| Task goal |
Leaving out every line before the one with "this 1024×1024 image.", write out the rest of the records below exactly.

| Records to process |

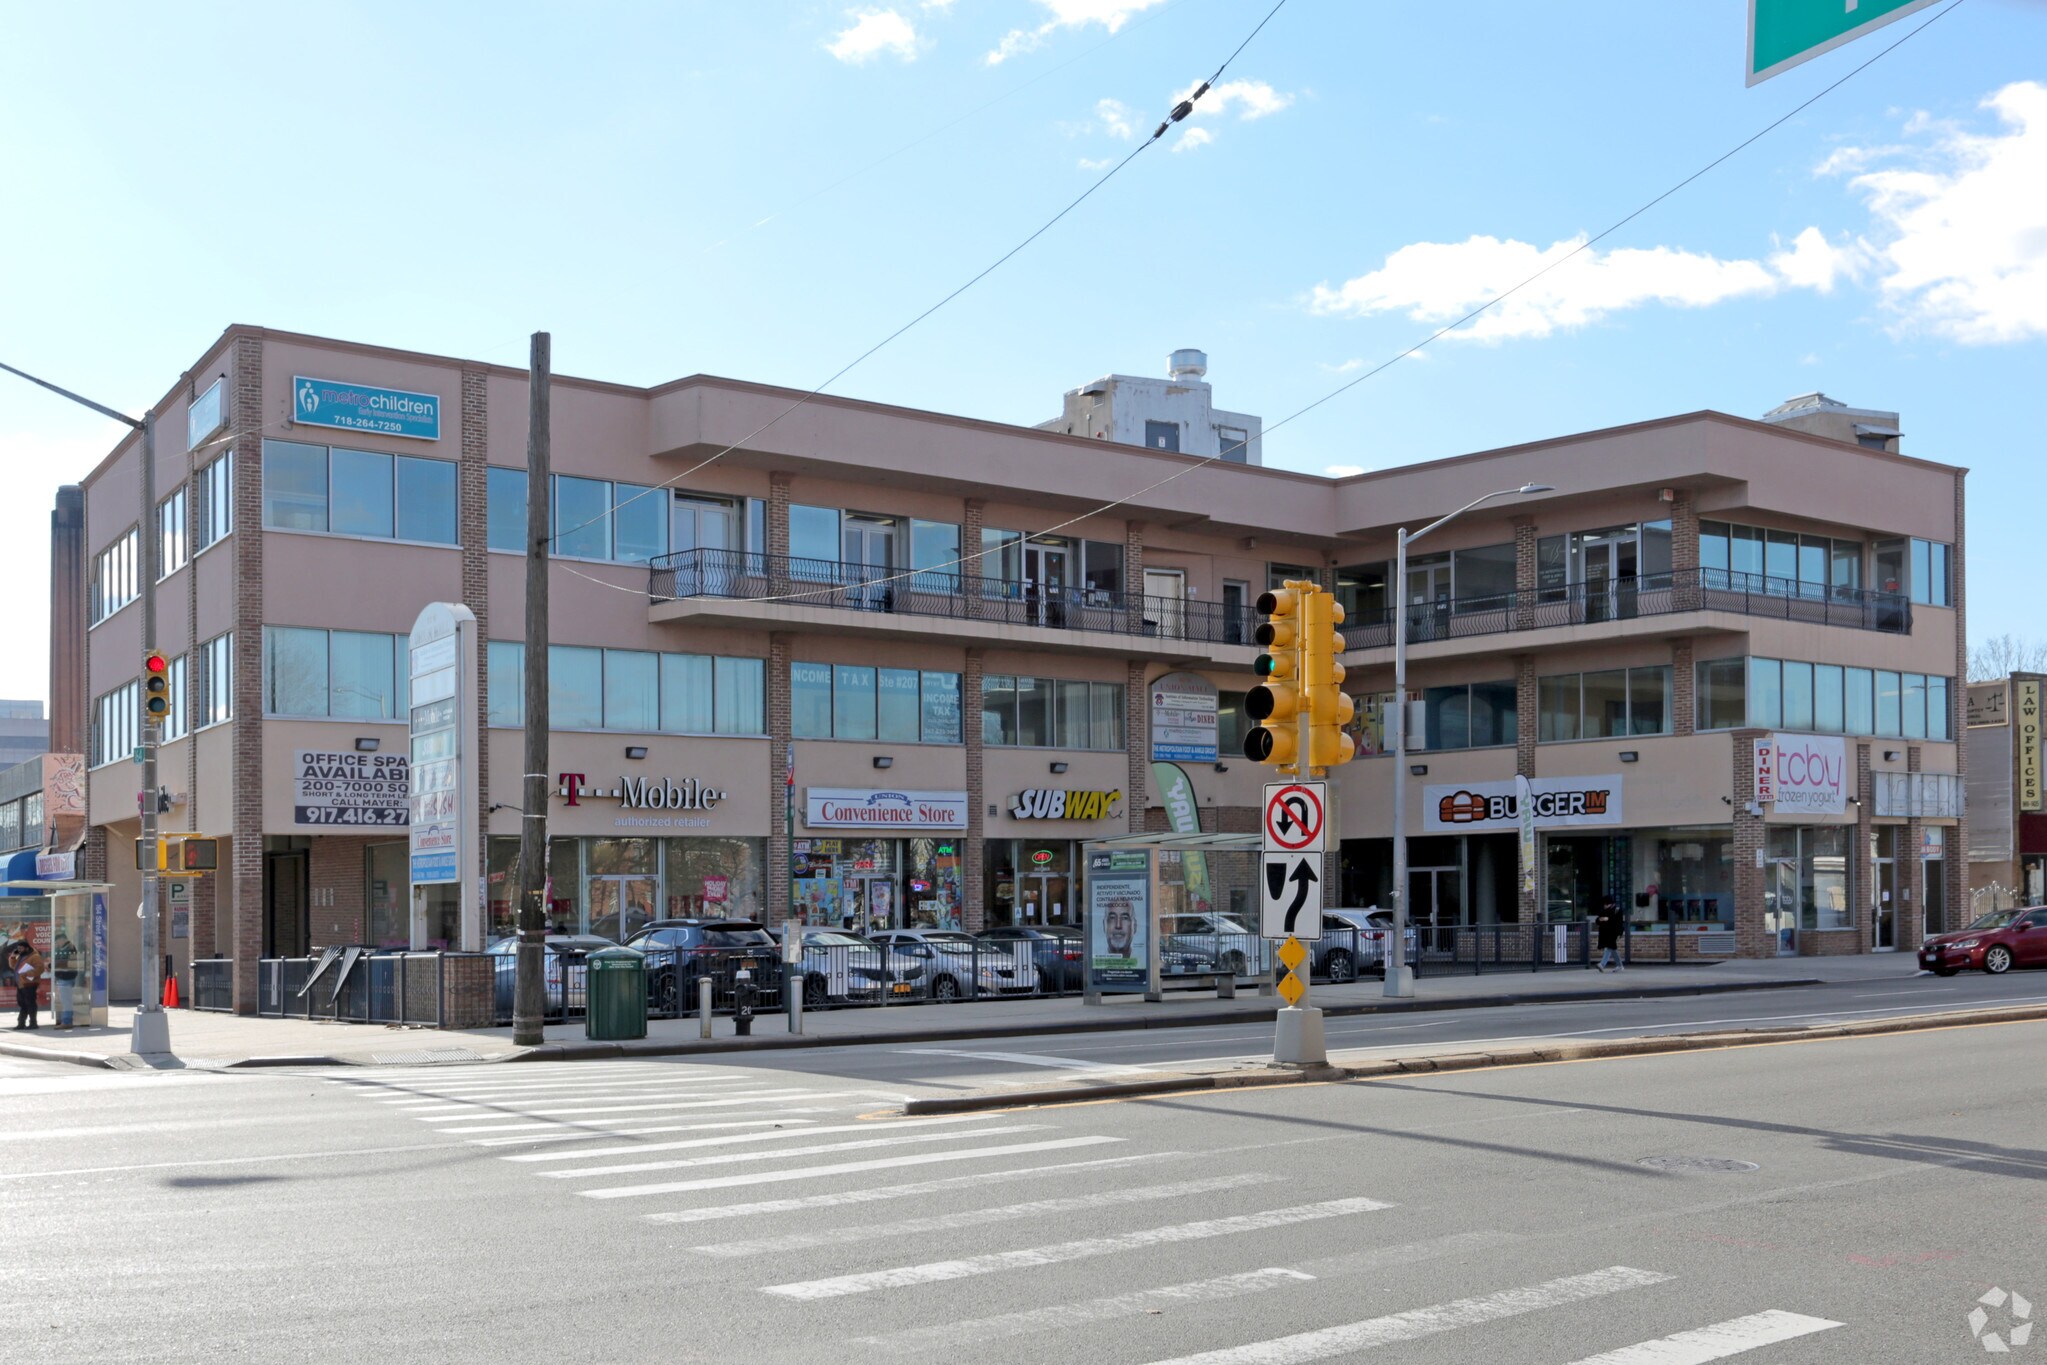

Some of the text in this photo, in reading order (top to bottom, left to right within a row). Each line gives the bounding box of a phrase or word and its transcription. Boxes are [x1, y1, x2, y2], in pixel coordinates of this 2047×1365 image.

[322, 389, 434, 415] metrochildren
[334, 415, 402, 432] 718-264-7250
[793, 669, 918, 690] NCOME TAX Ste #207
[923, 693, 960, 705] INCOME
[2023, 686, 2037, 716] LAW
[932, 706, 951, 717] TAX
[1197, 714, 1215, 724] DINER
[302, 753, 408, 767] OFFICE SPA
[2024, 724, 2036, 798] OFFICES
[1758, 748, 1771, 794] DINER
[1777, 744, 1842, 796] tcby
[302, 781, 409, 793] 200-7000 SQ
[331, 798, 403, 807] CALL MAYER:
[1014, 789, 1121, 819] SUBWAY
[1777, 787, 1836, 806] frozen yogurt
[306, 807, 408, 825] 917.416.27
[821, 801, 955, 822] Convenience Store
[614, 816, 711, 827] authorized retailer
[1034, 853, 1050, 861] OPEN
[94, 916, 102, 934] Street
[741, 1006, 751, 1016] 20
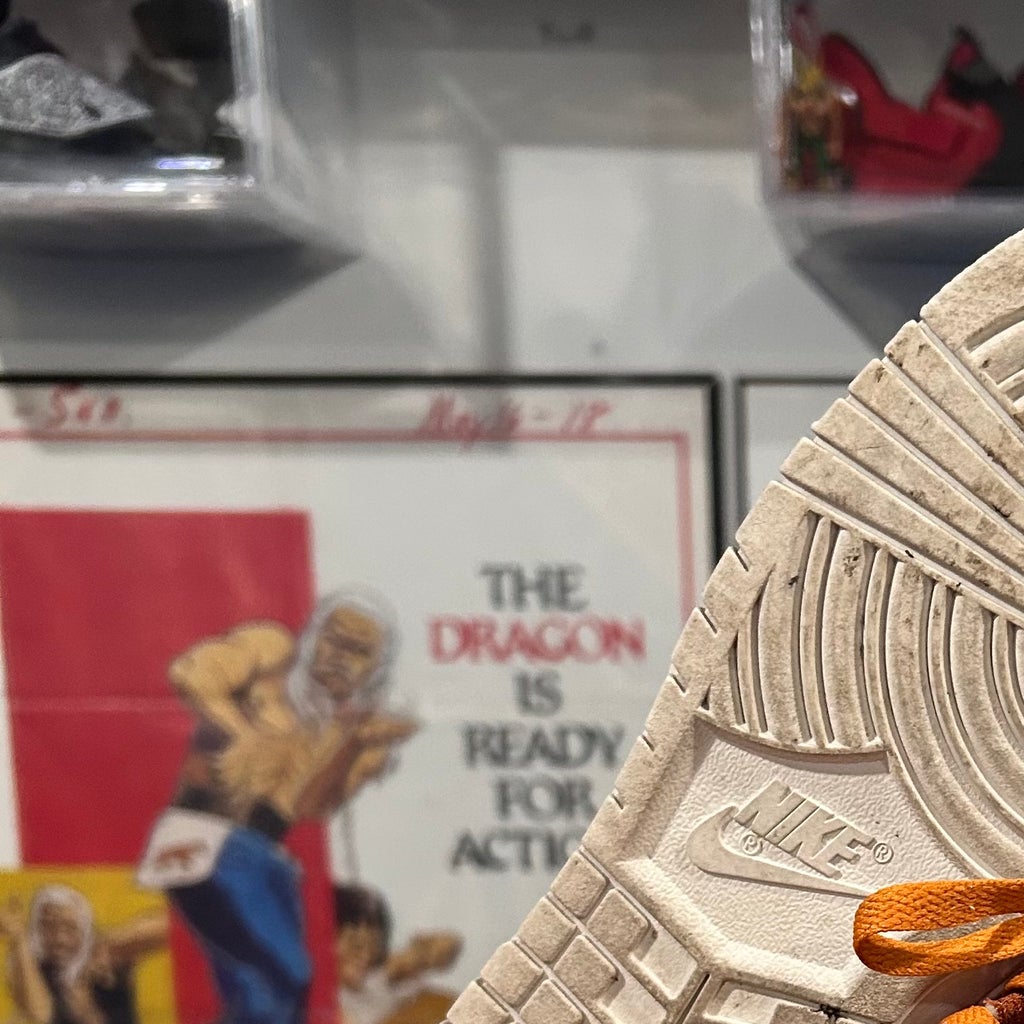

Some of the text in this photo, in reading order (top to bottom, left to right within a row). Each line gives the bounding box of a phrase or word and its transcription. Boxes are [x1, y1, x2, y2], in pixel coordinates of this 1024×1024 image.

[478, 560, 591, 612] THE
[426, 612, 648, 665] DRAGON
[513, 668, 564, 717] IS
[461, 719, 626, 770] READY
[494, 774, 600, 823] FOR
[449, 827, 592, 874] ACTI

| Response to the task |
Some of the text in this photo, in reading order (top to bottom, left to right within a row). Each line gives the bounding box of a phrase or word and its transcription. Boxes are [x1, y1, x2, y2], in pixel coordinates of this 1024×1024 image.

[478, 560, 591, 612] THE
[426, 612, 648, 665] DRAGON
[513, 668, 564, 717] IS
[461, 719, 626, 770] READY
[494, 774, 600, 823] FOR
[449, 827, 592, 874] ACTI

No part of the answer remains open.